One of the early investors in CryptoLex was Dimitri Pappas.

Mr. Pappas said there are about 15 shareholders in CryptoLex, and that more than a million dollars, plus a lot of sweat equity, has been invested in the project.

At one time, before the marketing of CryptoLex really started to take off, the company was offered a substantial amount of money for the rights to the invention, Mr. Pappas said.

‘I looked at the offer and said ‘no way’,’ said Mr. Pappas. ‘I knew what this will be worth down the line.’

To more easily facilitate doing business in the United States, CryptoLex formed a subsidiary company in Maryland, which is not coincidentally located close to many of the US Government entities with which the company wants to do business.

However, CryptoLex is not only looking to sell its technology in the United States, and Mr. Najm says the United Kingdom government is also a target market.

Recently, UK Prime Minister Tony Blair proposed national ID card carrying biometric details such as fingerprints or iris scans.

Opponents of the plan fear it would erode civil liberties.

Mr. Najm said CryptoLex’s technology could alleviate those fears.
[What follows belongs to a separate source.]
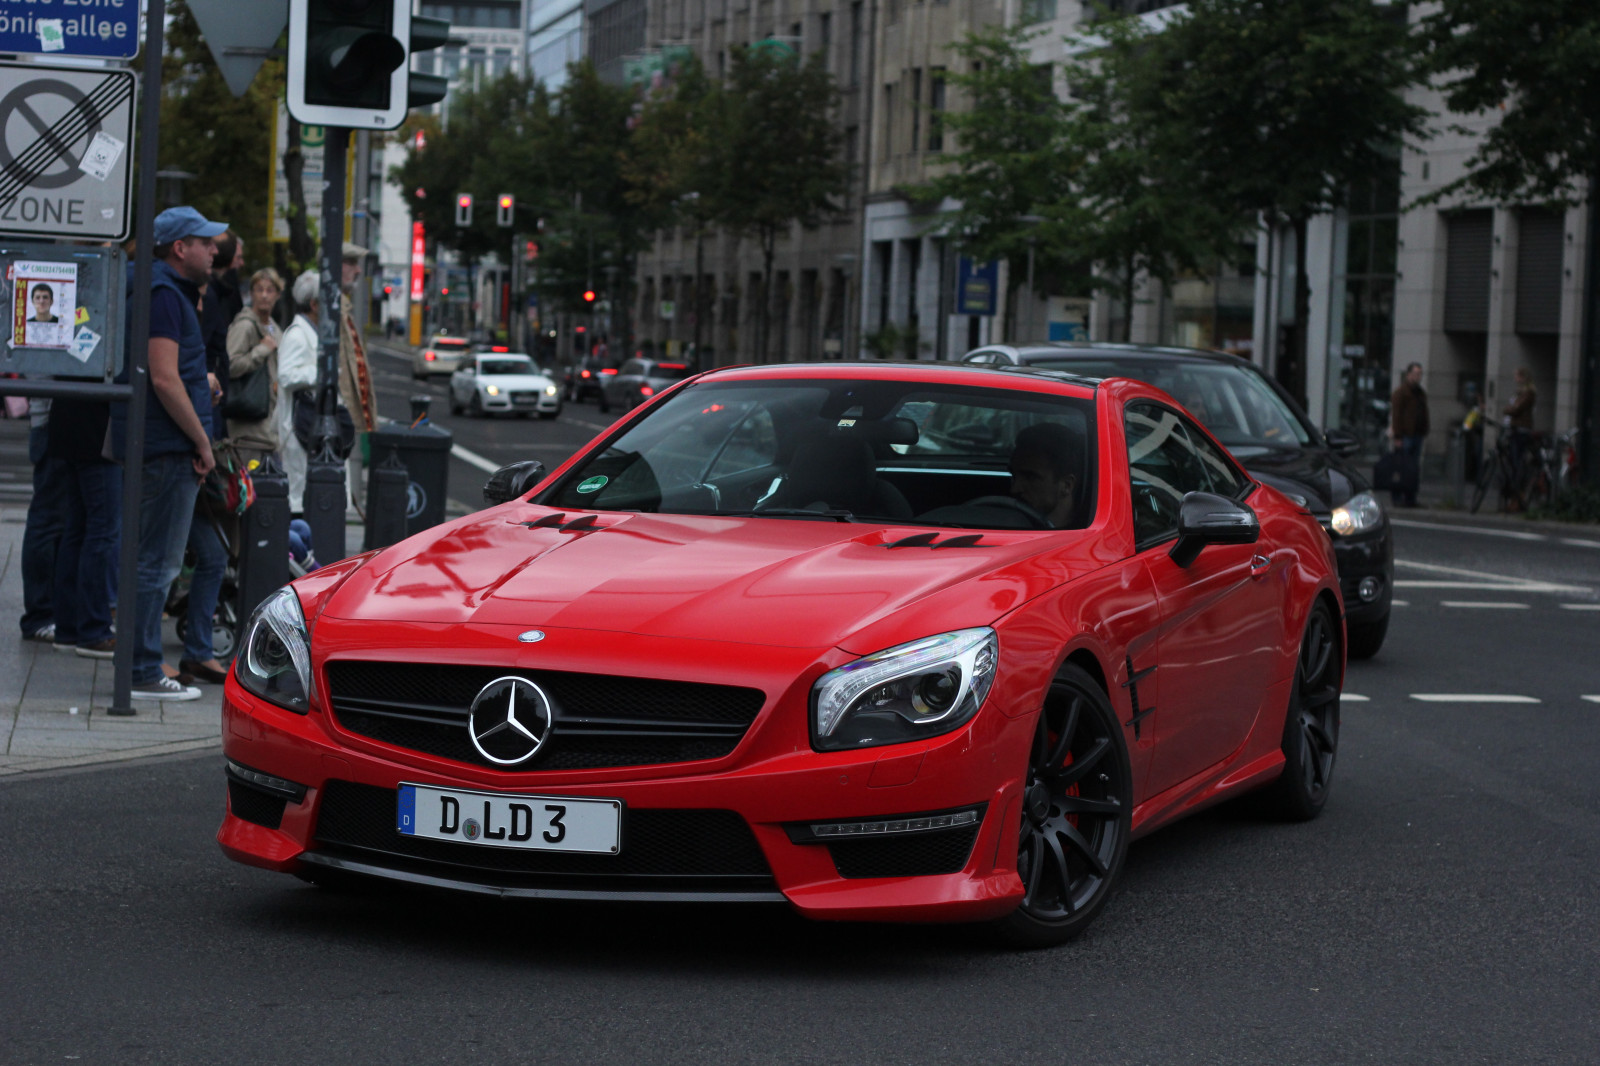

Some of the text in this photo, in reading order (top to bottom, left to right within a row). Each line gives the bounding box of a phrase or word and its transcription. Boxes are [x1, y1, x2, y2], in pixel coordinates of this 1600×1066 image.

[1, 196, 84, 225] ZONE
[14, 280, 27, 344] MISSING
[403, 814, 410, 826] D
[440, 795, 567, 844] D LD 3
‘Privacy concerns, or the perceived negative effects on civil liberties, would be eliminated, as the biometric template matching process we use to confirm identity is not the same as those used with smart cards or biometric smart cards,’ he said.

Although CryptoLex is primarily now functioning in the United States, the Cayman Islands are still very much in its plans for the future.

‘We have great ties to the Cayman financial community,’ he said, adding that all of the company’s transaction-based international business will be based out of Cayman.

Because of the need for confidentiality and security in the financial industry, Mr. Najm believes there will be a big market for the CryptoLex technology here in Cayman as well.

‘Once we start to explain locally the benefits of our technology, we think Cayman could become the technology showcase of the world’s financial centres,’ he said. ‘It could become the first jurisdiction completely protected from computer hacking. And no more money laundering could ever happen.’

2005 looks to be a watershed year for the company.

‘Our goal is to have the maximum number of Mobios going out to the maximum number of people this year,’ Mr. Najm said.

Because CryptoLex has a patent pending on the scientific process of turning biometrics into digital code, Mr. Najm said anyone that wants to use such technology has to go through his company.

‘The Mobio is getting to be a pretty hot item and we’ve pretty much tied up the market,’ he said.